The dynamics behind the ground-breaking 24.75 cr bid

KKR went home happier after their moves worked well in the auction
KKR went home happier after their moves worked well in the auction ©IPL

After the day's proceedings, Sanjiv Goenka and Kumar Sangakkara engaged in sagacious and engrossing deliberations over Indian Premier League (IPL) salaries breaching the glass ceiling. "Mini auctions are notorious for that. If you have a high purse and no supply and specific targets, it can happen, and it did happen today," remarked the Rajasthan Royals coach rather succinctly. "We knew it was going to be breached, but not by us."

Goenka was more forthright. "These barriers were getting breached each season. Who knows the 25 crore barrier may get breached next time around." Goenka and Sangakkara were addressing the hefty salaries for the Australian pace twins - Mitchell Starc and Pat Cummins - who breached the INR 20 crore mark in the league.

It was a significant step forward for the IPL considering that INR 20 crore was the total salary cap in the inaugural year of the league - it was $ 5 million in 2008 with the exchange rate being INR 40. In the 15 years since its inception, the IPL has come a long way. "The salary cap has gone up significantly since the first year. Naturally, the player fee is bound to go up," explained Venky Mysore, the CEO, and MD of Knight Riders, who broke the bank to buy Starc for INR 24.75 crore. If Starc was the star of the auction, Mysore was the newsmaker. And he referred to the current salary cap of INR 100 crore.

Starc sure was the costliest buy, but the rest - KS Bharat (INR 50 lakh), Chetan Sakariya (INR 50 lakh), Angkrish Raghuvanshi (INR 20 lakh), Ramandeep Singh (INR 20 lakh), Sherfane Rutherford (INR 1.5 cr), Manish Pandey (INR 50 lakh), Mujeeb Rahman (INR 2 cr), Gus Atkinson (INR 1 cr), and Sakib Hussain (INR 20 lakh) - were bought at their base price. "Teams decide to slice it differently.
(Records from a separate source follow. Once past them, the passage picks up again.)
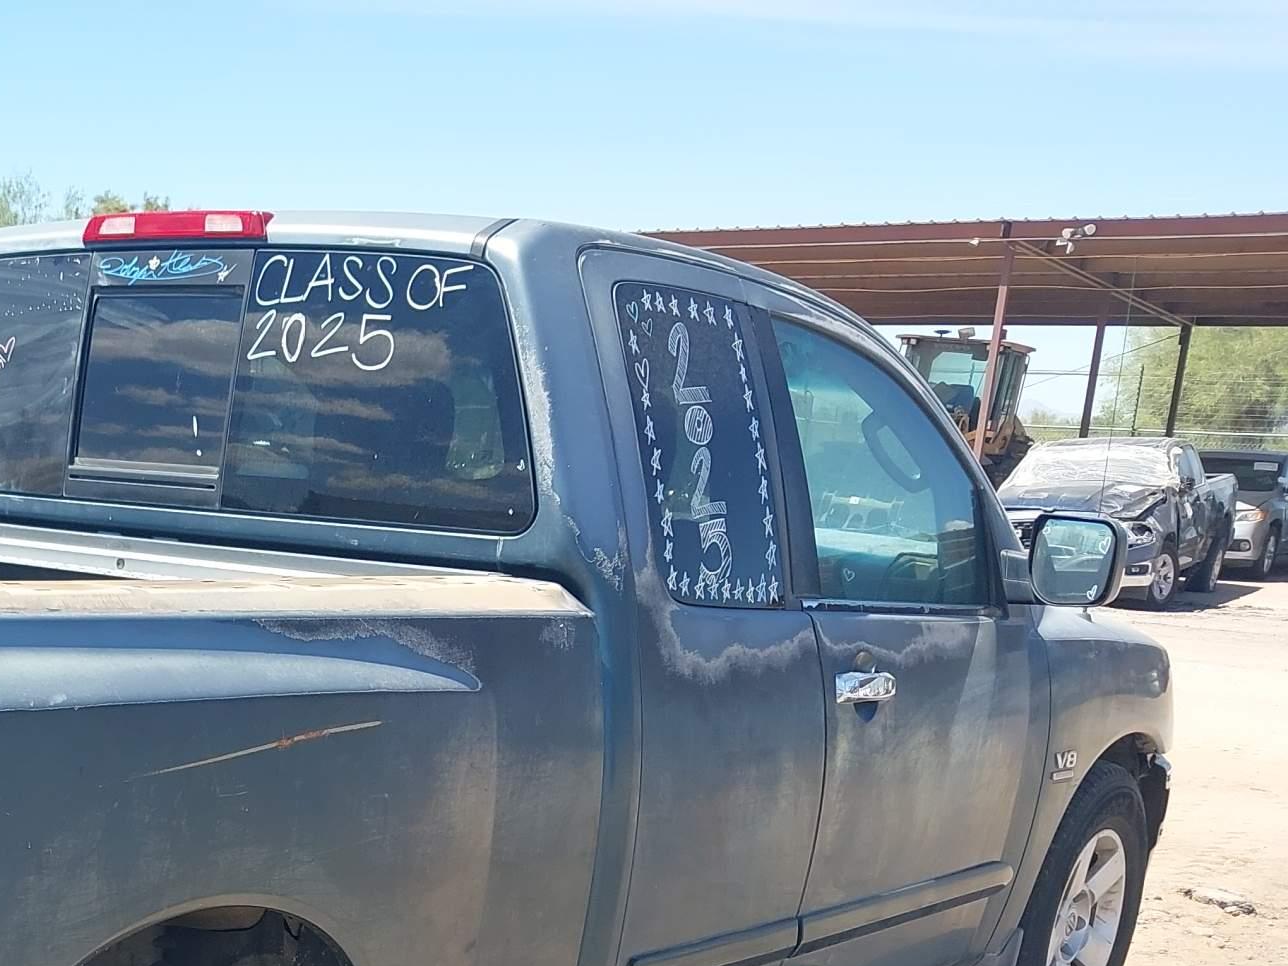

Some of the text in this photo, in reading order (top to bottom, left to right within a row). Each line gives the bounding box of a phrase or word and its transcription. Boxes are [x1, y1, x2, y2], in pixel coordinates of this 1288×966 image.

[255, 253, 397, 309] CLASS
[407, 264, 474, 310] OF
[247, 308, 395, 371] 2025
[668, 321, 733, 584] 2025
[1055, 751, 1077, 769] V8
What you've paid to somebody up, down, and whatnot is a matter of perspective. Ultimately, we're all spending the same amount of money," the KKR official elaborated on the rationale of Starc's price.
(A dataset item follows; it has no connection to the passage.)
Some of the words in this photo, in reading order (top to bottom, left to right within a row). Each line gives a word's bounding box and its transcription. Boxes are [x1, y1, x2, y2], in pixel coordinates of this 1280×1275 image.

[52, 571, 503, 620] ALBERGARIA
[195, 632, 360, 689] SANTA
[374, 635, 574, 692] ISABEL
Knight Riders were engaged in an intense bidding war with Gujarat Titans, who had come to the auction table with the maximum purse (INR 38.15 crore). KKR's balance at the start of the day was much less (32.7). As it turned out, when the Starc name came up for auction, both were on equal footing - KKR had INR 31.70 crore, and GT's purse was INR 31.85 crore. This was mainly because KKR missed out on a few players in the beginning, having been outbid by Rajasthan Royals and Punjab Kings for Rovman Powell and Chris Woakes, respectively, while Titans rushed for Azmatullah Omarzai (INR 50 lakh) and Umesh Yadav (INR 5.8 cr). It was clear that the Titans wanted Starc and went up to INR 24.5 crore before Knight Riders snapped up the Aussie for INR 25 lakh more.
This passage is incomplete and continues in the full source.